Wednesday, March 26, 2008

Eclipse: Powerful Open Source IDE

Eclipse is an open source software project dedicated to providing a strong, full featured, and industry level platform for developing and supporting highly integrated software engineering tools. Excluding small Eclipse Runtime Kernel, all other components are “plug-in”, integrated through pre defined extension points. Eclipse platform defines set of frameworks and common services that collectively makes an integration-ware. Almost 1565 Eclipse plug-ins are available which can easily download and installed.

Fundamentally, Eclipse is a framework for plug-ins. Besides its runtime kernel, the platform consists of the workbench, workspace, help, and team components. Other tools plug into this basic framework to create a usable application. Plug-ins add functionality through predefined extension points that the Eclipse platform offers. Plug-ins can also define new extension points for others to extend. This plug-in architecture provides a flexible, open, scalable, tool-integration solution. With the open Eclipse platform, you can customize a component or extend it to suit the needs of your development environment.
The Graphical Modeling Framework, a representative integration project built on Eclipse, consists of a plug-in set that bridges between the Graphical Editing Framework and the Eclipse Modeling Framework platforms. GMF extends and integrates GEF and EMF seamlessly so that application developers can fully utilize GEF’s visual-representation capability and EMF’s data-representation capability to build graphical modeling editors. The GMF plug-ins for diagram editing provide a set of services that you can use to extend graphical editors. GMF also leverages other Eclipse plug-ins, such as EMF Technology-Transaction, Validation, and Object Constraint Language, to enable model-level validation.

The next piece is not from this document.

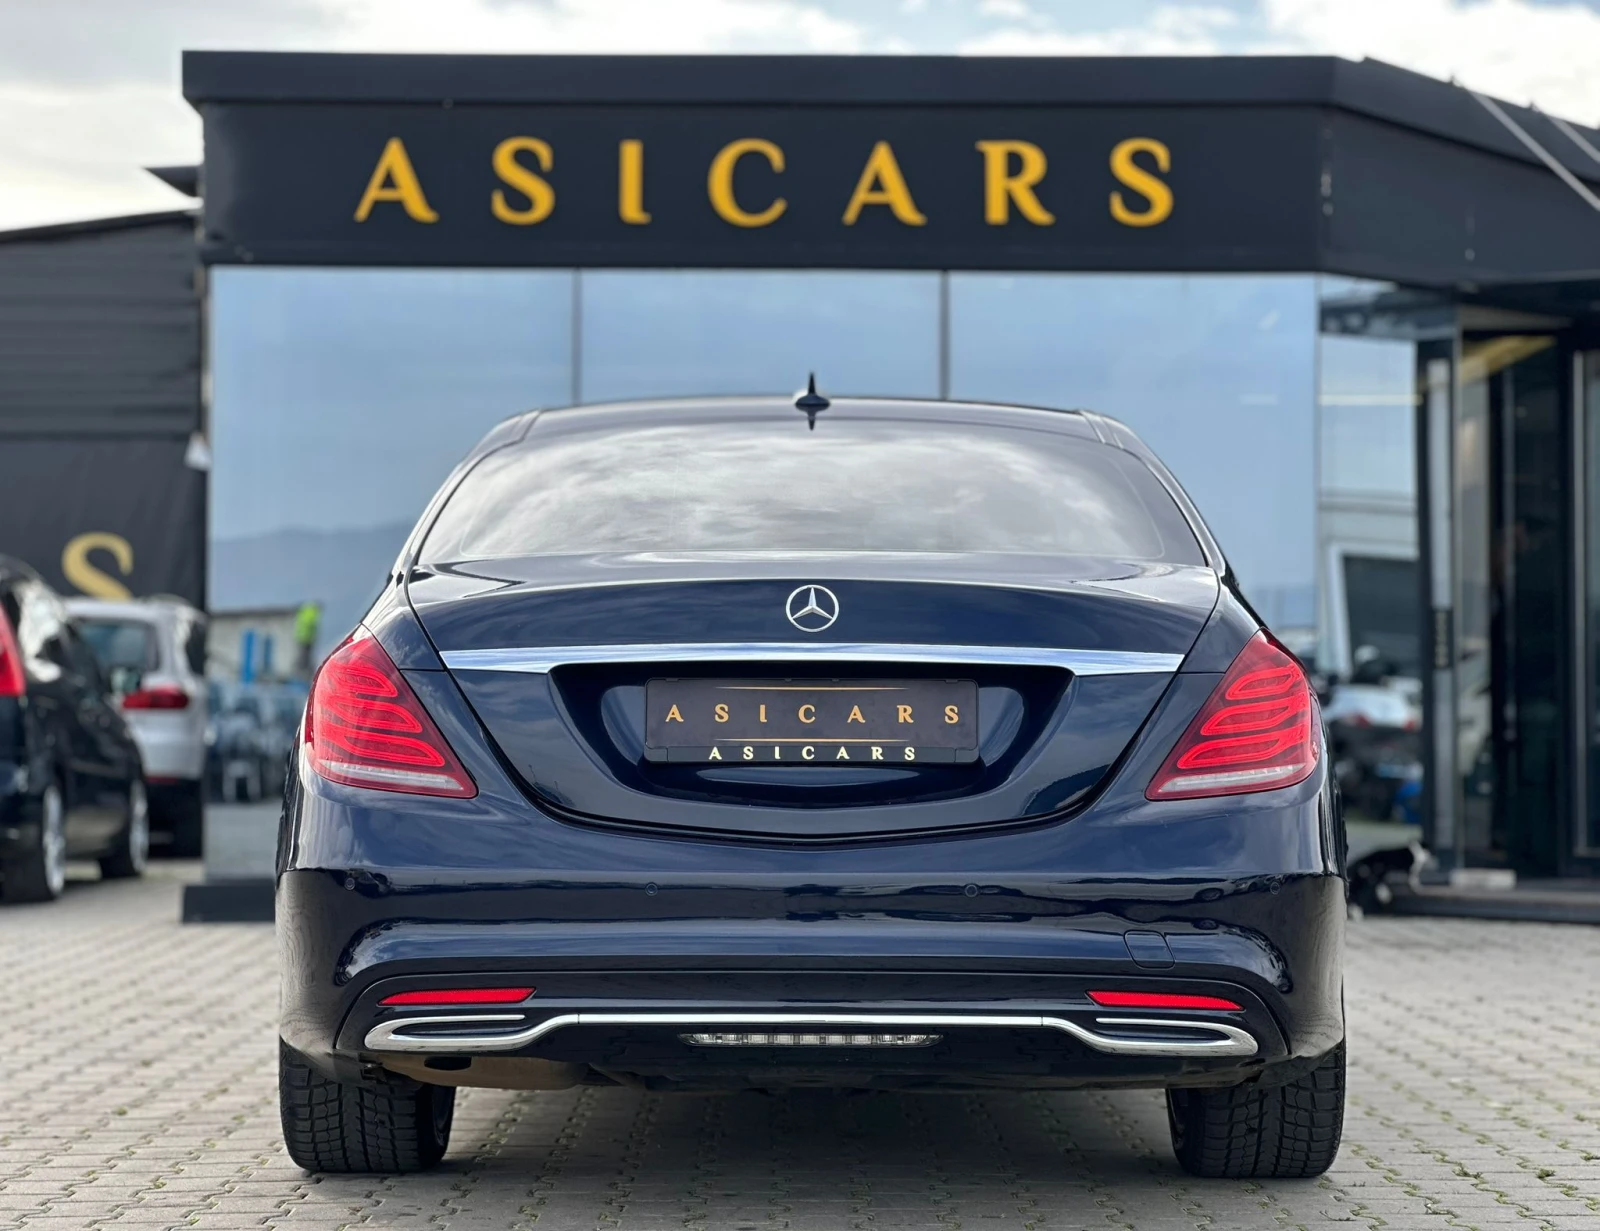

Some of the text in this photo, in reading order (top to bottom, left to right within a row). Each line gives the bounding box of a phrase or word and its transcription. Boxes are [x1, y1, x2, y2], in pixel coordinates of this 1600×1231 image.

Eclipse is a cost-effective, productive development environment to support life-cycle software development through effective tool integration. The flexible plug-in architecture and resource management let organizations customize and extend Eclipse to meet their engineering processes, tool integration, and project management needs.

Useful References
For basic concepts about the Eclipse plug-in architecture, extensions, and examples, see the Eclipse Foundation site (www.eclipse.org), especially www. eclipse.org/articles/Article-Plug-inarchitecture/plugin_architecture.html. Good overviews of existing plug-ins, especially plug-ins in their early development stages, are available at http://eclipse-plugins.info/eclipse/index.jsp and http://www.eclipseplugincentral.com/.
Eclipse-related publications are available at www.eclipse.org/resources/index.php.
For detailed information about how to set up Tomcat and JBoss in Eclipse for J2EE development, see www.purposesolutions.com/Resources/EclipseJ2EE.html. The Eclipse Project Resource Center offers many tutorials, articles, magazines, plug-ins, cheat sheets, conference lists, and the latest books at www.deitel.com/Eclipse.